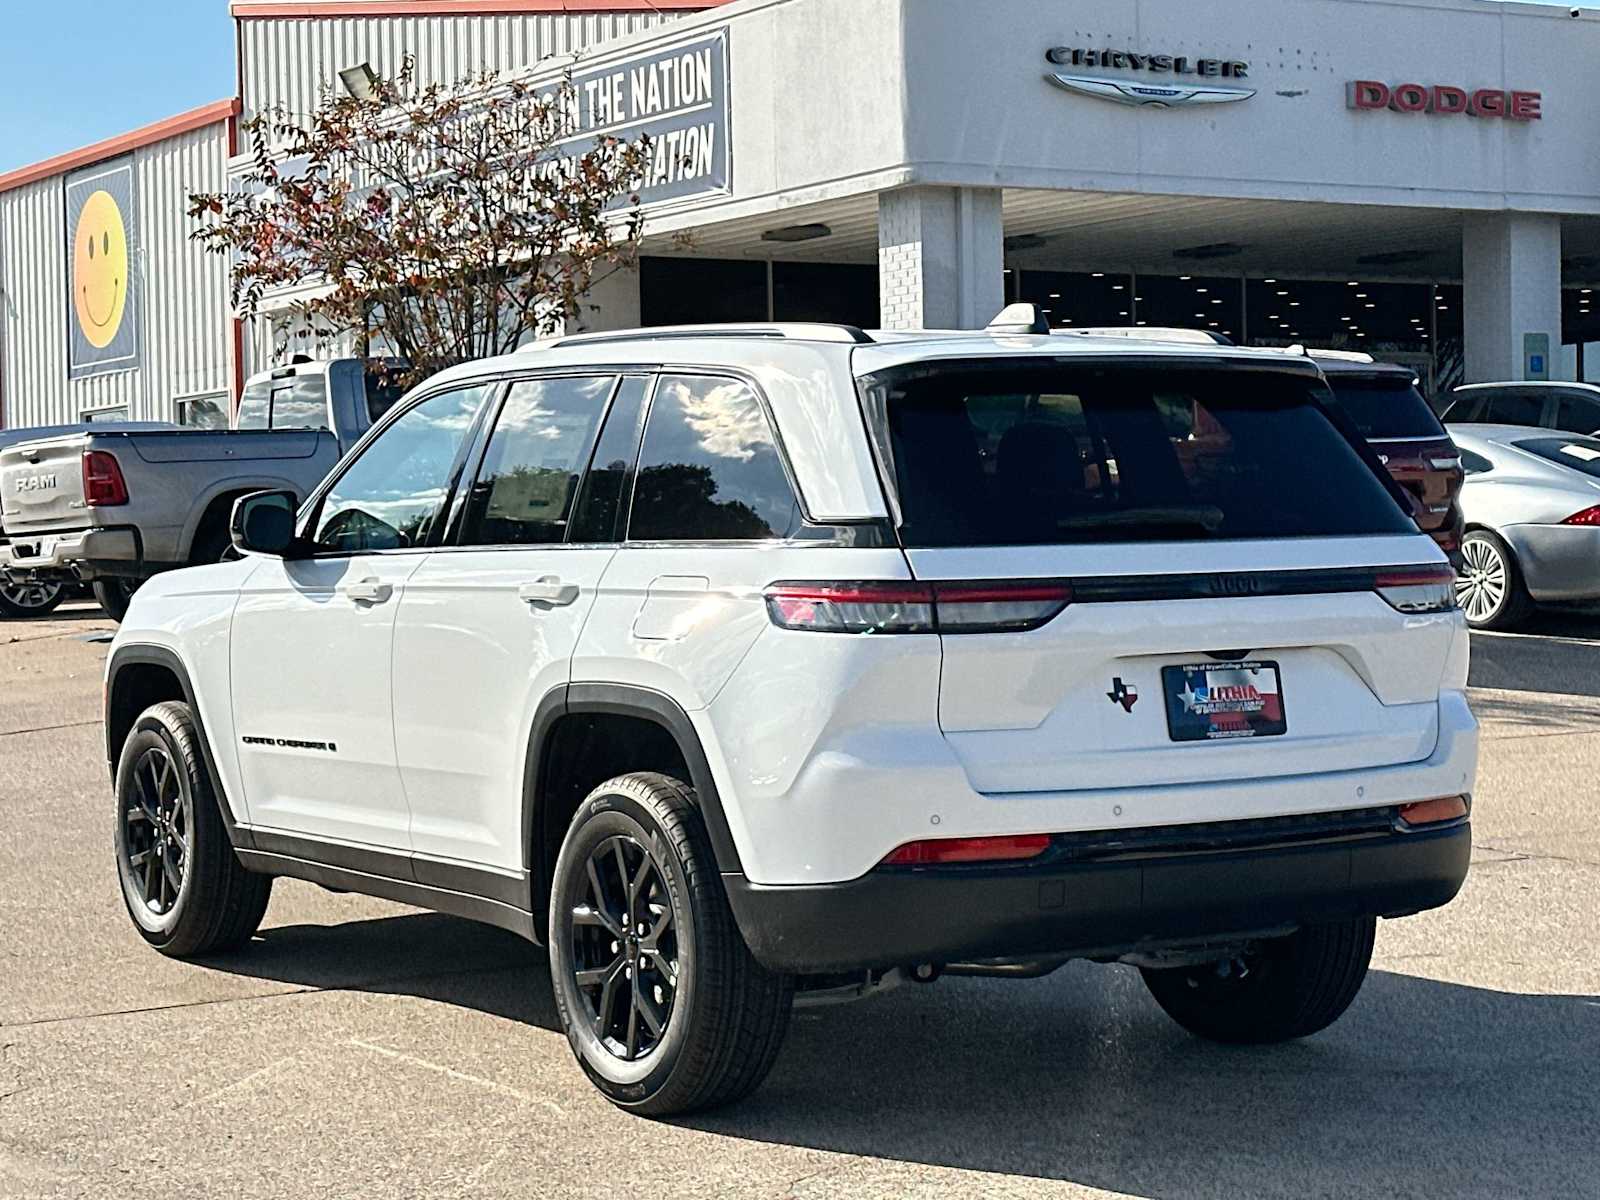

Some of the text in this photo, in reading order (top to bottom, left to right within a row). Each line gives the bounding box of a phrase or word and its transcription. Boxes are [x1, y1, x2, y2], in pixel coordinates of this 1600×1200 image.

[1046, 46, 1248, 78] CHRYSLER
[584, 72, 625, 128] THE
[630, 47, 712, 118] NATION
[1347, 80, 1541, 119] DODGE
[16, 473, 56, 492] RAM
[1209, 685, 1261, 702] LITHIA
□ □ □ □
### EXERCISE PROMPT
Every record gets retyped exactly; no picture goes into the copy.

### EXERCISE SOLUTION
Some of the text in this photo, in reading order (top to bottom, left to right within a row). Each line gives the bounding box of a phrase or word and its transcription. Boxes are [x1, y1, x2, y2], in pixel coordinates of this 1600×1200 image.

[1046, 46, 1248, 78] CHRYSLER
[584, 72, 625, 128] THE
[630, 47, 712, 118] NATION
[1347, 80, 1541, 119] DODGE
[16, 473, 56, 492] RAM
[1209, 685, 1261, 702] LITHIA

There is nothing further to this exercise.